In Chinese Buddhism, the "Vajrasattva Hundred Syllable Mantra" (Chinese: 金剛薩埵百字明咒; pinyin: Jīngāngsàduǒ bǎizì zhòu) is recited and practiced by monastics during esoteric rituals that have tantric elements. One example is the Yujia Yankou rite (Chinese: 瑜伽焰口; pinyin: Yújiā Yànkou; lit “Yoga Flaming Mouth”), which is commonly conducted as a part of regular temple services in order to facilitate the spiritual nourishment and liberation of hungry ghosts as well as to prolong the lifespans of the living and avert disasters.
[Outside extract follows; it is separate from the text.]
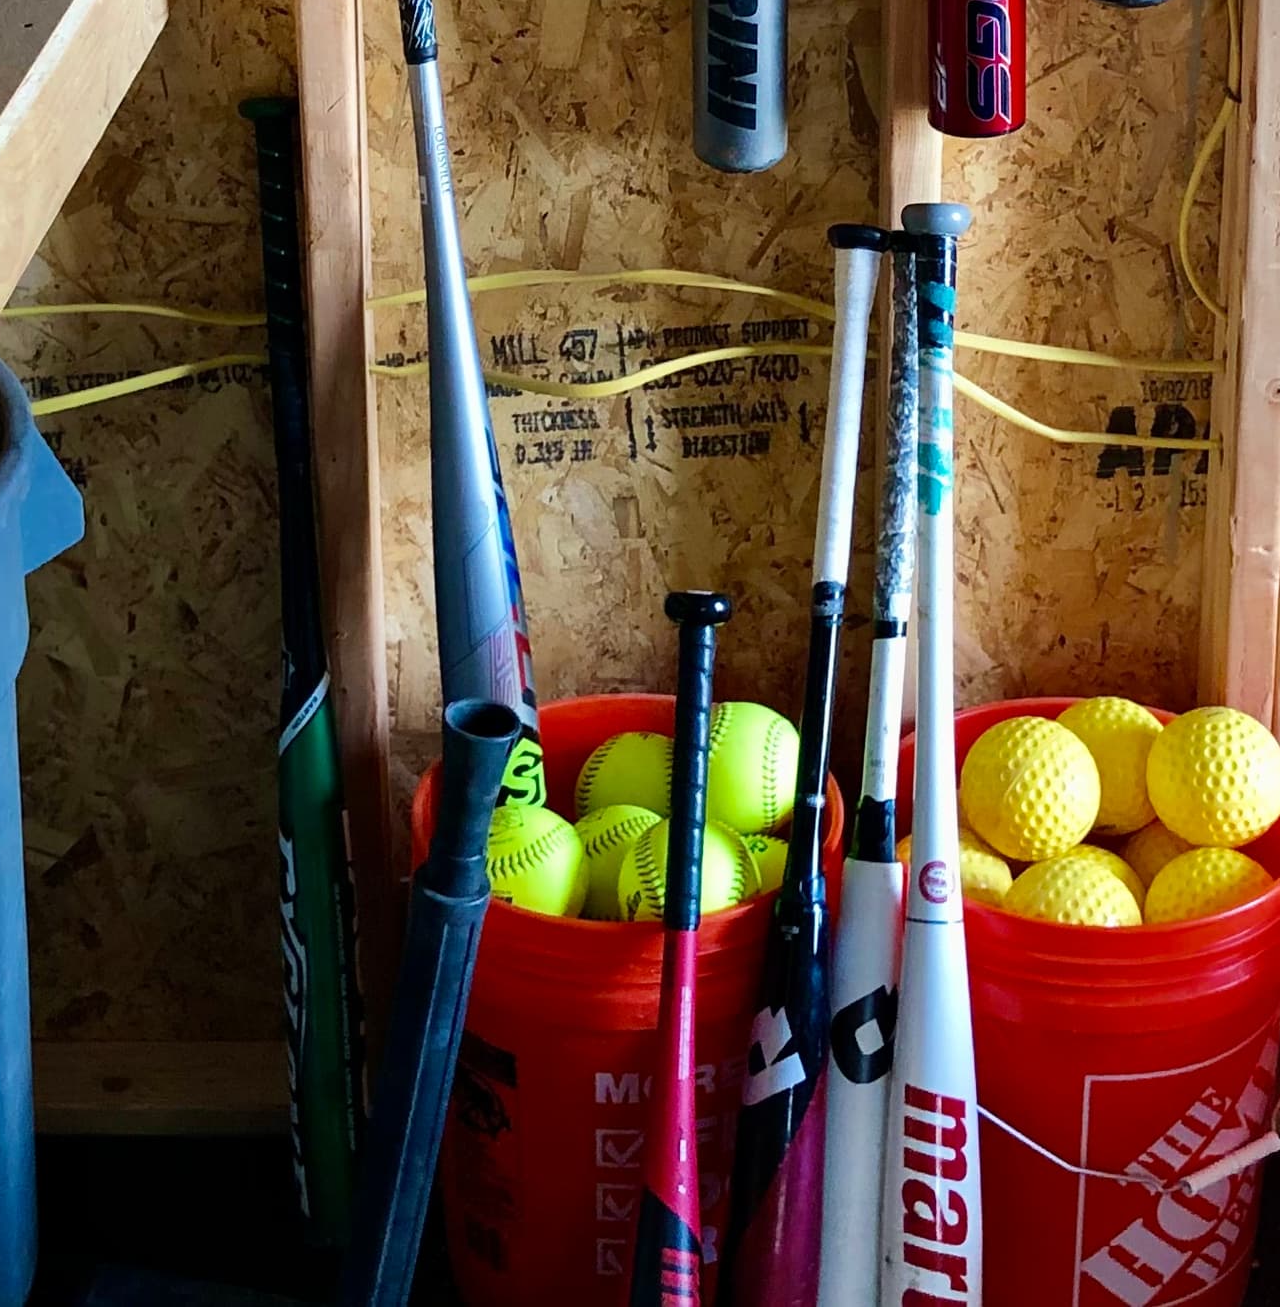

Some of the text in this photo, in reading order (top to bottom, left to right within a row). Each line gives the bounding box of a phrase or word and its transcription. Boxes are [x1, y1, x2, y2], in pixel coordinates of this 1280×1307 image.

[741, 318, 809, 343] SUPPORT
[490, 332, 548, 366] MILL
[903, 1084, 969, 1307] mar
=== In Tibetan Buddhism ===

The 100-syllable mantra of Vajrasattva in Rañjana and Tibetan scripts

In Tibetan Vajrayana Buddhist practice, Vajrasattva is used in the Ngondro, or preliminary practices, in order to purify the mind's defilements, prior to undertaking more advanced tantric techniques. The yik gya, the "Hundred Syllable Mantra" supplication of Vajrasattva, approaches universality in the various elementary Ngondro sadhana for sadhakas of all Mantrayana and Sarma schools bar the Bonpo. The pronunciation and orthography differ between lineages.
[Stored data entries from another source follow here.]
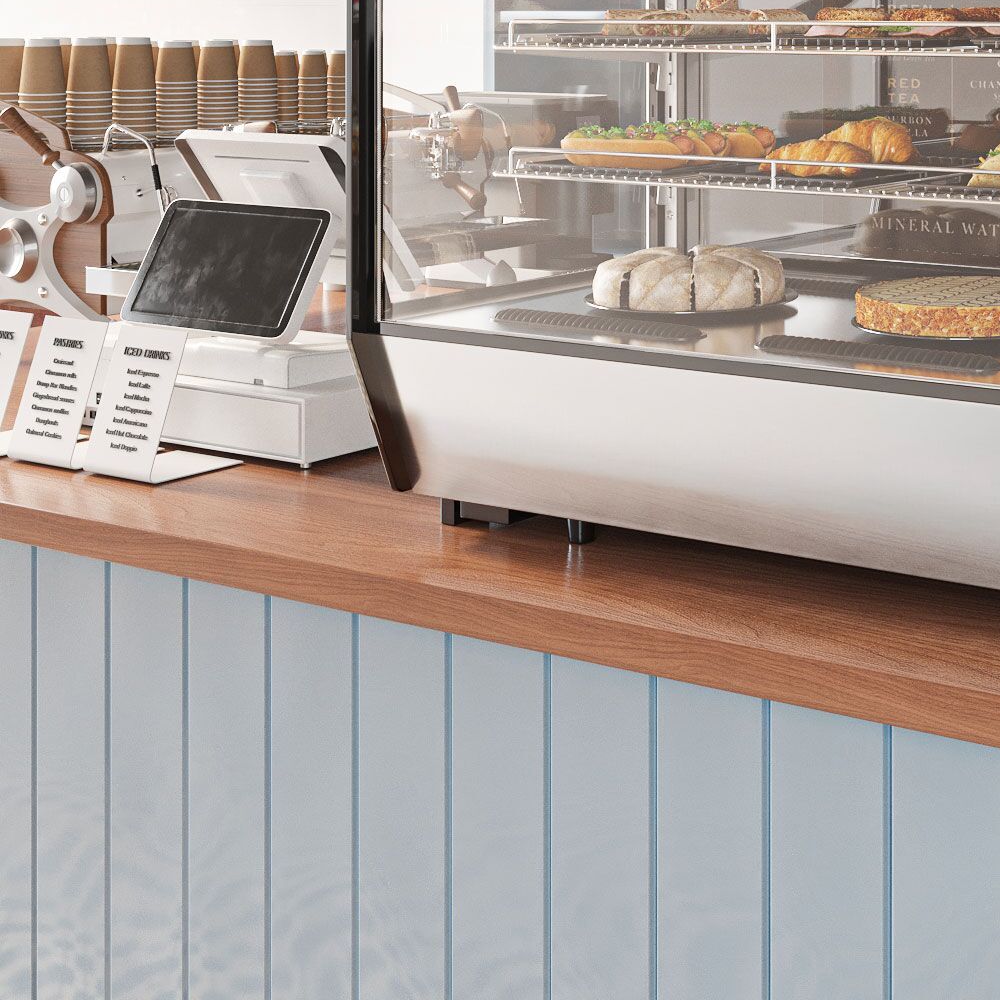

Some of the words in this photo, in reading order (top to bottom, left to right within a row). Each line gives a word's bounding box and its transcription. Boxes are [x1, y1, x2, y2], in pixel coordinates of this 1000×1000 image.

[888, 78, 921, 88] RED
[888, 92, 921, 104] TEA
[871, 215, 955, 234] MINERAL
[53, 337, 84, 349] PASTRIES
[123, 346, 143, 357] ICED
[144, 349, 171, 360] DRINKS
The evocation of the Hundred Syllable Vajrasattva Mantra in the Vajrayana lineage of Jigme Lingpa's (1729–1798) ngondro from the Longchen Nyingtig displays Sanskrit-Tibetan hybridization. Such textual and dialectical diglossia (Sanskrit: dvaibhāṣika) is evident from the earliest transmission of tantra into the region, where the original Sanskrit phonemes and lexical items are often orthographically rendered in the Tibetan, rather than the comparable indigenous terms (Davidson, 2002). Though Jigme Lingpa did not compose the Hundred Syllable Mantra, his scribal style bears a marked similarity to it as evidenced by his biographies (Gyatso, 1998). Jigme Lingpa as pandit, which in the Himalayan context denotes an indigenous Tibetan versed in Sanskrit, often wrote in a hybridized Sanskrit-Tibetan diglossia.